Work item>
Reproduce every record below, character by character.
*-*-*
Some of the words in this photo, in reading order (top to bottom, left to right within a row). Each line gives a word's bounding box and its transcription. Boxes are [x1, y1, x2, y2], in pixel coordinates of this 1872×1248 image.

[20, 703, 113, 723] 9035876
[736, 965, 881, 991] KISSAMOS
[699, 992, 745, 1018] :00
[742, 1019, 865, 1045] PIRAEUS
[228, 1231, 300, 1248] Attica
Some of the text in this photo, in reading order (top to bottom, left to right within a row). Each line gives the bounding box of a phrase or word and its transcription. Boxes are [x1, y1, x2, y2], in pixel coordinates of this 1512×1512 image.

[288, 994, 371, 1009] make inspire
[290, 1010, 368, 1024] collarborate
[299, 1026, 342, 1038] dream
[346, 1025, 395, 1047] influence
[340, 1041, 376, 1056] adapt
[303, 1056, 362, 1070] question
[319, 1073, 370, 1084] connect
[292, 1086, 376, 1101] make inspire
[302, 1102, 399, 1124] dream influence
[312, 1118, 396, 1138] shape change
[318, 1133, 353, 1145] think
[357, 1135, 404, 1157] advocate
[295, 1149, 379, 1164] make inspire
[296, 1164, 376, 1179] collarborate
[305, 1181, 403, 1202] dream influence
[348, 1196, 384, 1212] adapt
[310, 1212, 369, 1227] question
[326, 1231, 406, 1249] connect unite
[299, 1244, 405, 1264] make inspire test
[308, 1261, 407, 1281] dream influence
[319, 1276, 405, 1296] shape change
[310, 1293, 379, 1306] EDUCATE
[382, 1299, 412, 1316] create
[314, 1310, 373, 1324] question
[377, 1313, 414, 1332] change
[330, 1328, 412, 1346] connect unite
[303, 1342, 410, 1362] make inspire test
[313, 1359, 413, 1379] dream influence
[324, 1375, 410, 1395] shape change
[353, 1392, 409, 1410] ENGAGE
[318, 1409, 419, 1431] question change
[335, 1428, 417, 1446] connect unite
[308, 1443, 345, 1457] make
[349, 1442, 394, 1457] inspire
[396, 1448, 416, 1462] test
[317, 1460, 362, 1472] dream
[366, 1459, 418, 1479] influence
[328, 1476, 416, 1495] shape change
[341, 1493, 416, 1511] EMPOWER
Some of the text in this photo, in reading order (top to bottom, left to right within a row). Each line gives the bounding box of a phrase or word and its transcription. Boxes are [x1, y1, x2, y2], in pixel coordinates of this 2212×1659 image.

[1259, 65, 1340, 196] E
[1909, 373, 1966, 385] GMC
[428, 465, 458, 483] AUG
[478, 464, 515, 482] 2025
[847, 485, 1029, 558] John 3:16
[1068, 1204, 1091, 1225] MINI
*-*-*
Result for this task>
Some of the words in this photo, in reading order (top to bottom, left to right within a row). Each line gives a word's bounding box and its transcription. Boxes are [x1, y1, x2, y2], in pixel coordinates of this 1872×1248 image.

[20, 703, 113, 723] 9035876
[736, 965, 881, 991] KISSAMOS
[699, 992, 745, 1018] :00
[742, 1019, 865, 1045] PIRAEUS
[228, 1231, 300, 1248] Attica
Some of the text in this photo, in reading order (top to bottom, left to right within a row). Each line gives the bounding box of a phrase or word and its transcription. Boxes are [x1, y1, x2, y2], in pixel coordinates of this 1512×1512 image.

[288, 994, 371, 1009] make inspire
[290, 1010, 368, 1024] collarborate
[299, 1026, 342, 1038] dream
[346, 1025, 395, 1047] influence
[340, 1041, 376, 1056] adapt
[303, 1056, 362, 1070] question
[319, 1073, 370, 1084] connect
[292, 1086, 376, 1101] make inspire
[302, 1102, 399, 1124] dream influence
[312, 1118, 396, 1138] shape change
[318, 1133, 353, 1145] think
[357, 1135, 404, 1157] advocate
[295, 1149, 379, 1164] make inspire
[296, 1164, 376, 1179] collarborate
[305, 1181, 403, 1202] dream influence
[348, 1196, 384, 1212] adapt
[310, 1212, 369, 1227] question
[326, 1231, 406, 1249] connect unite
[299, 1244, 405, 1264] make inspire test
[308, 1261, 407, 1281] dream influence
[319, 1276, 405, 1296] shape change
[310, 1293, 379, 1306] EDUCATE
[382, 1299, 412, 1316] create
[314, 1310, 373, 1324] question
[377, 1313, 414, 1332] change
[330, 1328, 412, 1346] connect unite
[303, 1342, 410, 1362] make inspire test
[313, 1359, 413, 1379] dream influence
[324, 1375, 410, 1395] shape change
[353, 1392, 409, 1410] ENGAGE
[318, 1409, 419, 1431] question change
[335, 1428, 417, 1446] connect unite
[308, 1443, 345, 1457] make
[349, 1442, 394, 1457] inspire
[396, 1448, 416, 1462] test
[317, 1460, 362, 1472] dream
[366, 1459, 418, 1479] influence
[328, 1476, 416, 1495] shape change
[341, 1493, 416, 1511] EMPOWER
Some of the text in this photo, in reading order (top to bottom, left to right within a row). Each line gives the bounding box of a phrase or word and its transcription. Boxes are [x1, y1, x2, y2], in pixel coordinates of this 2212×1659 image.

[1259, 65, 1340, 196] E
[1909, 373, 1966, 385] GMC
[428, 465, 458, 483] AUG
[478, 464, 515, 482] 2025
[847, 485, 1029, 558] John 3:16
[1068, 1204, 1091, 1225] MINI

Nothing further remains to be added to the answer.